研究計画RESEARCH PROJECT

研究概要

私たちの行っている TWIN study IおよびTWIN study II、TWIN Study IIIそれぞれの特徴をご紹介します。TWIN Studyは"Tokyo Work-life INterface Study"の略称です。

大都市・東京で子育てをしながら働くご夫婦の、WLBと健康との関係性を明らかにすることで、より良いWLB推進や健康増進のための根拠になれば、との願いを込めてつけられました。

2008年より都内某区の区立・私立保育園にお子様が通う共働きご夫婦を対象に 夫婦それぞれのWLBと健康(自分,配偶者)との関連を検討した大規模研究を「 TWIN study I」と呼んでいます。2010年からは子ども調査が加わり、親(父,母)のWLBと子どもを含めた家族全体の健康との関連を検討する5年間の追跡研究を「TWIN study II」と呼んでいます。

2015年からは、「TWIN Study III」として,ワーク・ライフ・バランス・プログラムを参加者にご提供し,WLBと子どもを含めた家族全体の健康の効果を追跡調査いたします。

TWIN Study I・II・III を通した研究によって、WLBがご自身やご家族の健康に及ぼす長期的な影響が明らかにされ、 仕事と家庭とを両立しながら働く方とそのご家族を支援するための効果的な方策を見つけ出すことが期待されています。

研究計画

TWIN Study III

【研究の社会的背景】
わが国では,第1子の出産後に仕事を辞める女性は半数にのぼります。3歳未満の子どもを育てる母親の就業率は,米国では5割を超えるのに対し,日本は3割に留まっています。出産や育児期にあたる30歳代で,女性の働く割合が大きく下がるのは,主要7ヶ国(G7)の中で日本特有の現象です。その背景には働き盛り男性を中心とする長時間労働,家事・育児負担の女性への偏在など,ワーク・ライフ・バランスがとりづらい現状があります。

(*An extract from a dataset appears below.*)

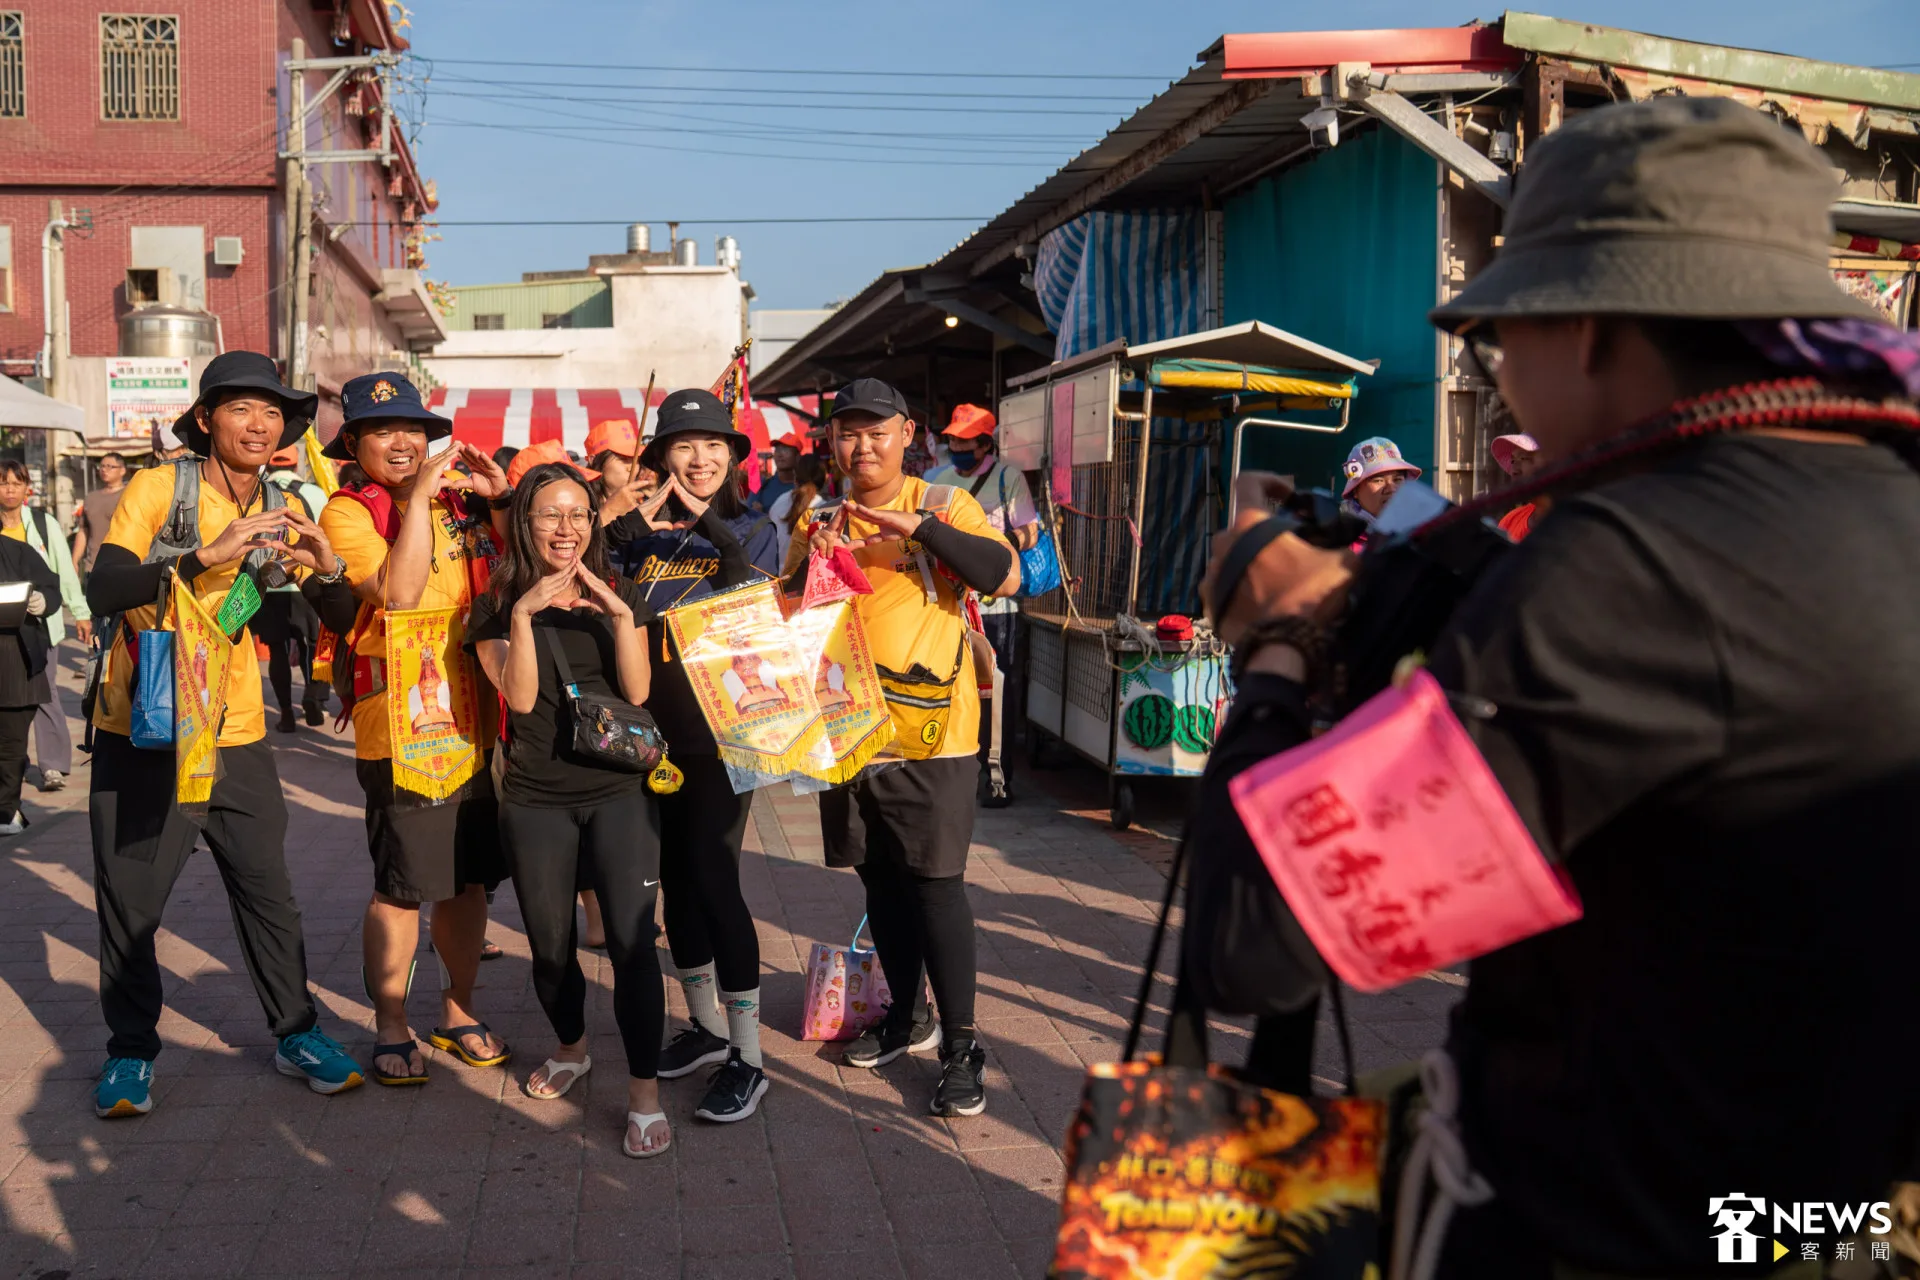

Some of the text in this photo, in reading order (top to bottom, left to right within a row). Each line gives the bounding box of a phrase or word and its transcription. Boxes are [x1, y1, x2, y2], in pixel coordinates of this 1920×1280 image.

[846, 622, 864, 674] 歲次丙午年

ワーク・ライフ・バランスは,伝統的には女性労働者の課題として論じられてきましたが,過重労働や雇用不安に伴うメンタルヘルス問題の増加,労働力人口の減少に伴う多様な労働力の確保,共働き世帯の増加に伴う育児支援の充実などが喫緊の課題となっている近年では,社会全体の問題として論じることの重要性が指摘されています(内閣府, 2014)。

しかし,わが国のワーク・ライフ・バランス対策は,少子化対策,男女共同参画,キャリア開発,育児支援の視点からは推進されているものの,健康支援の視点からの取り組みはいまだ着手されておらず,科学的根拠にもとづいた支援プログラムも存在していない状況にあります。

【研究の学術的背景】
ワーク・ライフ・バランスに関する従来の実証研究では,仕事と生活との間のネガティブな流出効果に注目した研究が大部分です。そこでは,仕事上の負担が生活上の負担を増やす,あるいは,生活上の負担が仕事上の負担を増やし,その結果,労働者にネガティブな影響を及ぼすことを指摘しています。しかしながら,仕事と生活とのポジティブな流出効果(たとえば,仕事の成功が私生活を充実させる,良好な家族関係が仕事へのモティベーションを向上させる)に注目した研究は非常に少ないのが現状です。

一方,ワーク・ライフ・バランスのあり方は,労働者自身の健康に影響を及ぼすだけでなく,パートナーの健康や子どもの健康にも影響を及ぼす可能性がありますが(クロスオーバー効果),これらの関連を検討した大規模な疫学研究は国内外でほとんど行われていませんでした。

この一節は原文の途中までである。